V. Healthcare is local ‒ these organizations are constructed at ground level and built, operated, and focused to align payers, members, and providers.
Payers – governmental, commercial and self-funded employers ‒ have an opportunity to adopt and benefit from the development of innovative technology and structural and process change. As physicians, hospitals, and other providers learn and use these new connections and systems the power of the connected components in a continuum of care becomes apparent. When there is transparency and communication in near real-time, timeliness, efficiency, and accuracy of care is improved. These changes will transform the health delivery system and ultimately raise the trust and accountability between participants, physicians, providers, and payers. The key benefits for payers will initially be quality-based, but as the iterative improvement process continues, and the culture of improvement and transparency is embraced, investments will pay off in reduction of waste, forgone inappropriate tests and procedures, and truly evidence-based care to the benefit of member, payer, and provider. Systems and networks that have been early adopters of these measures have demonstrated positive results and continue to develop ways to improve.
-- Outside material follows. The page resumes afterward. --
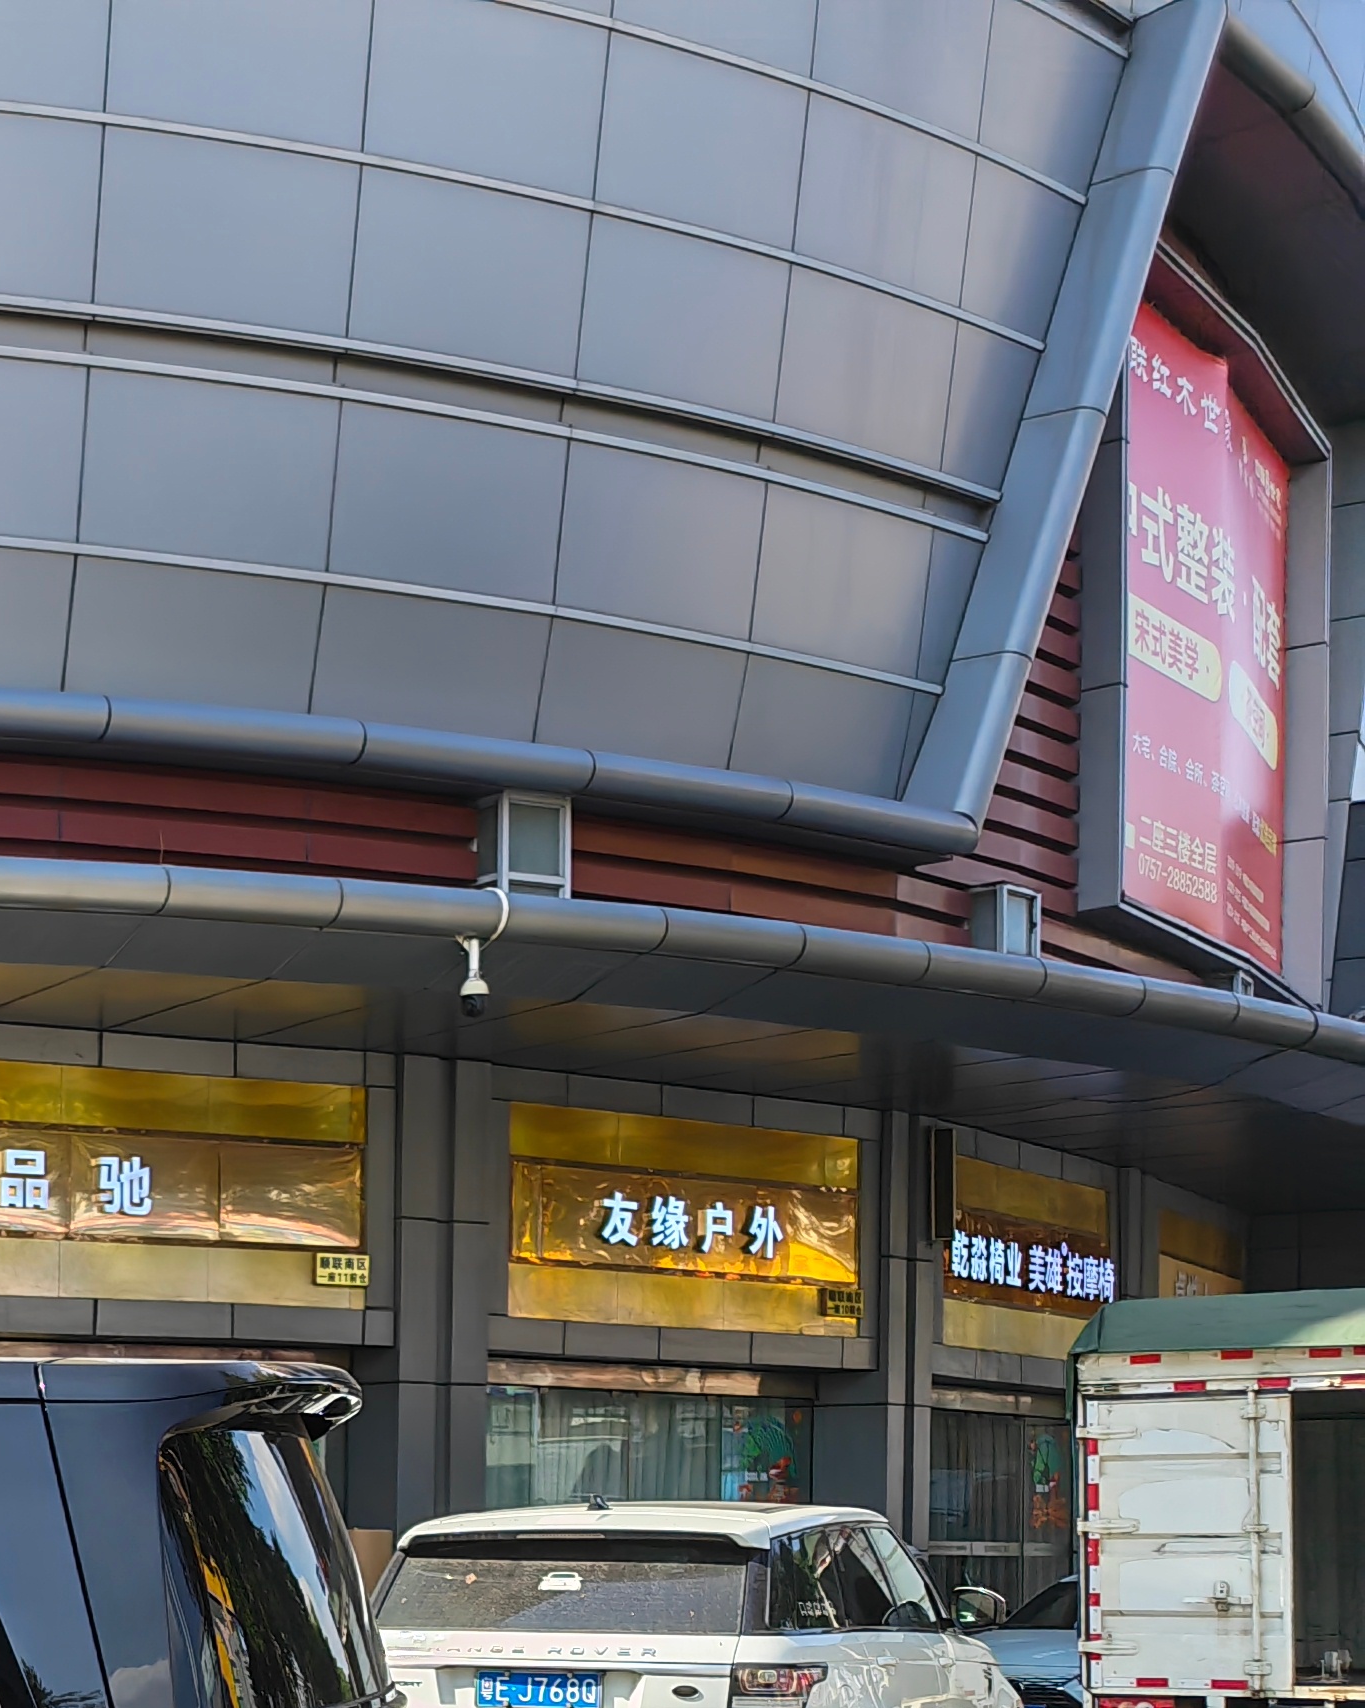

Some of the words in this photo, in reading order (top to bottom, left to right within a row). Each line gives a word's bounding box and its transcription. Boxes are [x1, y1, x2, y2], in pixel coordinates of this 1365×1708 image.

[1138, 853, 1218, 904] 0757-28852588
[601, 1191, 784, 1259] 友缘户外
[548, 1646, 657, 1658] ROVER
Members benefit from improved health and quality of life, the motivation to strive for wellness, and personal out-of-pocket savings. Everyone benefits through a system of care based on scientific evidence, adoption of best practices, high standards of quality of care and service, and enhanced communications between patient and provider.
Physicians and hospitals gain enhanced linkage and alignment with each other, which facilitates implementation of quality improvement initiatives and provides “branding” consistency to patients and payers. United branding helps present a collaborative entity working to improve the health of the population it serves. The expansion of physician leadership in clinical care redesign improves revenue yield (e.g., P4P, global payments), facilitates clinical resource reduction, creates a sustainable form of gain-sharing, and provides a vehicle to increase market share and patient preference.